As a business owner or self-employed individual, navigating the complex world of finances alone can be tricky. And finding the right accountant for your unique needs isn't always simple. The sector you operate in, the services you need them to provide, their qualifications and your budget can all impact your choice. So here's a beginner's guide to finding the right accountant for you as a small business owner or freelancer.  

Why do I need an accountant? 

A good accountant can become a small business owner, freelancer or contractor's guardian angel. In short, their head for numbers will make it easier for you to stay on top of the money that's coming in and going out and stop you from getting into trouble with government regulators such as HMRC.  

They'll help you tackle complex financial matters like invoicing, tax liabilities based on your legal status (e.g. sole trader or limited company), tax-deductible expenses and end of year reporting. Accountants can also help you secure funding to help grow your business, conduct audits, help with mergers and acquisitions and assist with the purchase or sale of a business.  

Each accountant has a different area of specialism, which may include various services or sectors. Therefore, it's important to find one with previous experience and a current focus on areas relevant to what you do. You can find out more about how accounting helps your business in our previous article.  

What's the difference between chartered and non-chartered accountants? 

The title 'accountant' isn't a protected term, so, technically, anyone who’s good with numbers can operate in this capacity. Generally, though, they will have undergone training through a company such as AAT or gained practical experience by working within a finance department and will be bound by the Financial Reporting Council's (FRC) Corporate Governance and Stewardship Codes. 

Chartered accountants, meanwhile, need to pass exams, gain at least three years of industry experience and pay an annual fee to join a recognised industry body (such as ICAEW or ACCA) to earn chartered status. They're also required to hold professional indemnity insurance and are bound by strict ethical codes.  

It's not always necessary to use the potentially pricier services of a chartered accountant for simple matters, such as invoicing and basic tax questions. But for complex issues, such as pre-emptive tax planning ahead of passing your business on to your children may be a job for someone with more experience and qualifications. 

Learn more about the difference between chartered and non-chartered accountants here.  

How to choose the right accountant 

On your hunt for the right accountant, you'll need to consider several things: 

1. What services should my accountant provide? 

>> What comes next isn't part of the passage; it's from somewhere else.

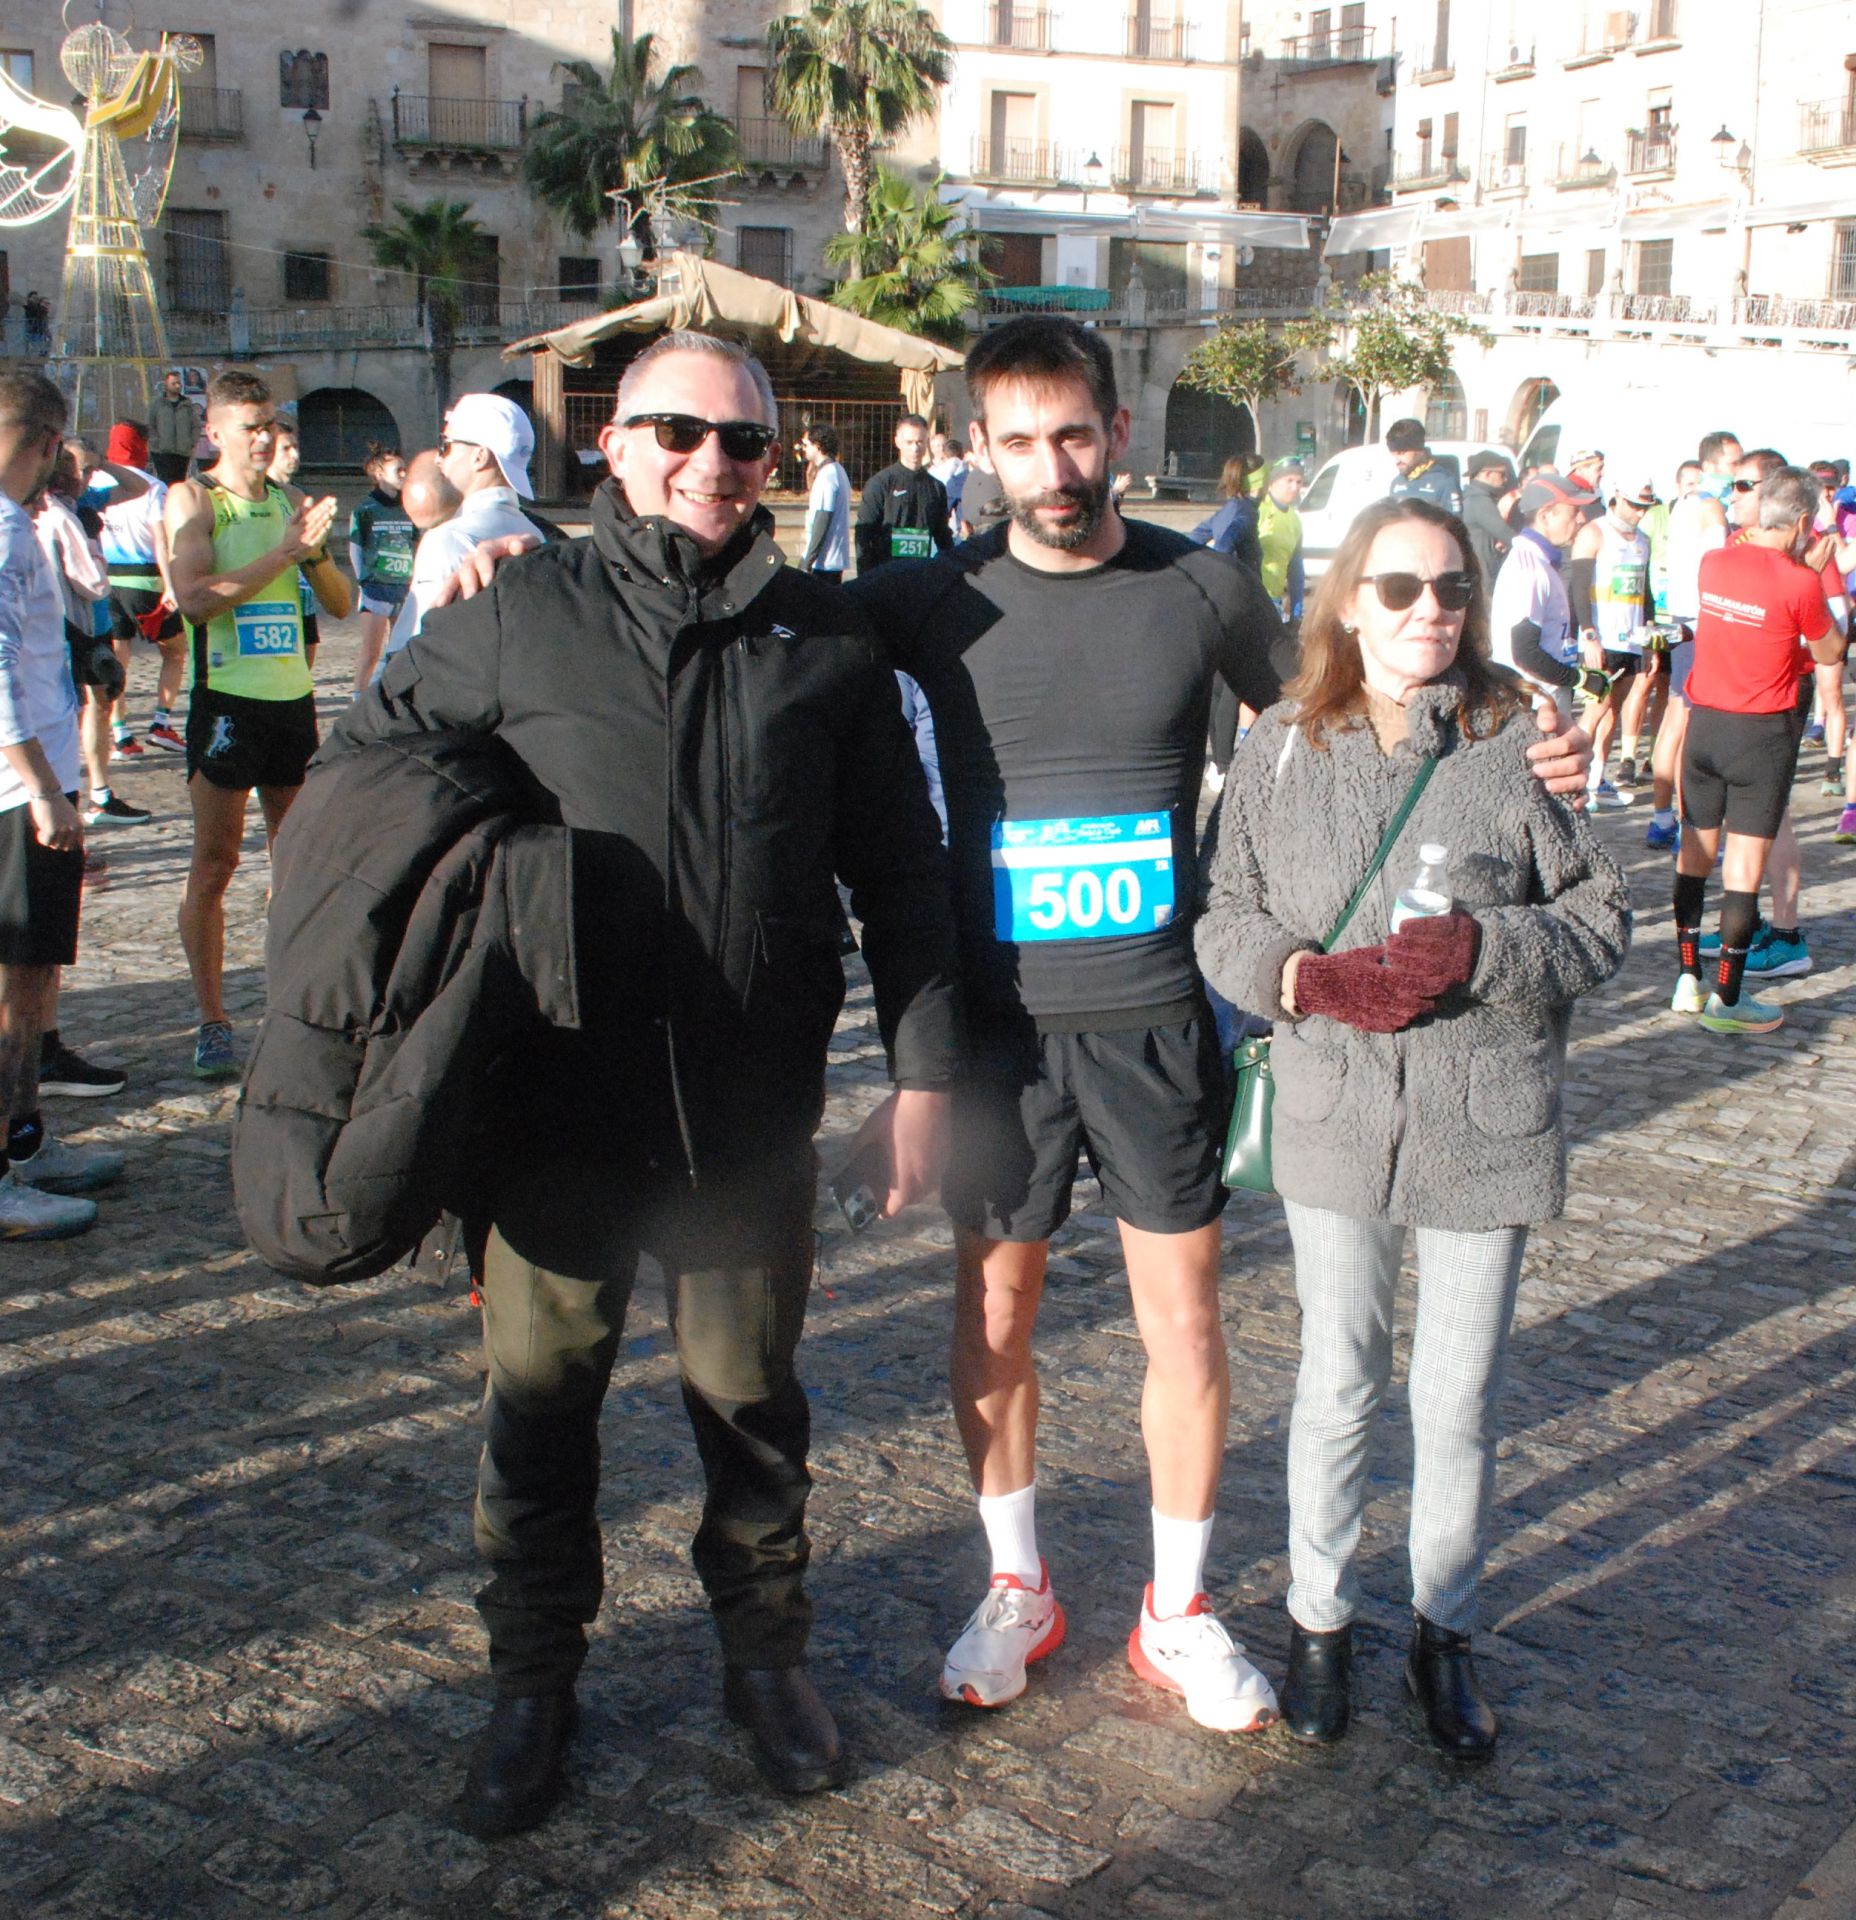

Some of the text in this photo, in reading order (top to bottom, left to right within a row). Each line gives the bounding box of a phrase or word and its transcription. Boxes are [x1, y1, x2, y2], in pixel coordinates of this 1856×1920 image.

[899, 540, 922, 555] 251
[384, 558, 409, 573] 208
[254, 625, 293, 650] 582
[1029, 868, 1142, 930] 500

Depending on their specialism, an accountant can provide a wide range of services, including: 

  • Tax compliance and efficiency 

  • Improving cash flow 

  • Setting up your business 

  • Helping to register with Companies House 

  • Reducing your workload by handling tasks such as invoicing 

  • Bookkeeping and financial reporting 

  • Payroll 

  • Regulation 

  • Funding for growth 

Not every business will need all services. To begin with, sole traders and one-person limited companies may only need basic financial guidance, such as reporting and registration assistance. It's still good to understand the scope of your accountant's capabilities, though, particularly if you've got ambitions to grow.  

2. Location 

If you're the sort of person who'd prefer to chat about your finances over coffee, make sure you find an accountant that's based locally. Using tools like Unbiased can help you narrow down your options based on location and guide you to an accountant within easy reach. But even if you're happy to consult with them virtually, working with an accountant that's based in the same country as you pay tax in, meaning they have an in-depth understanding of the dos and don'ts, is a sensible idea.  

3. Sector specialism 

Some sectors may be subject to additional reporting requirements or specific tax rules, so it's important to find an accountant who understands what this means for your business. Even if that's not the case, working with an accountant who has experience in your sector is preferrable.  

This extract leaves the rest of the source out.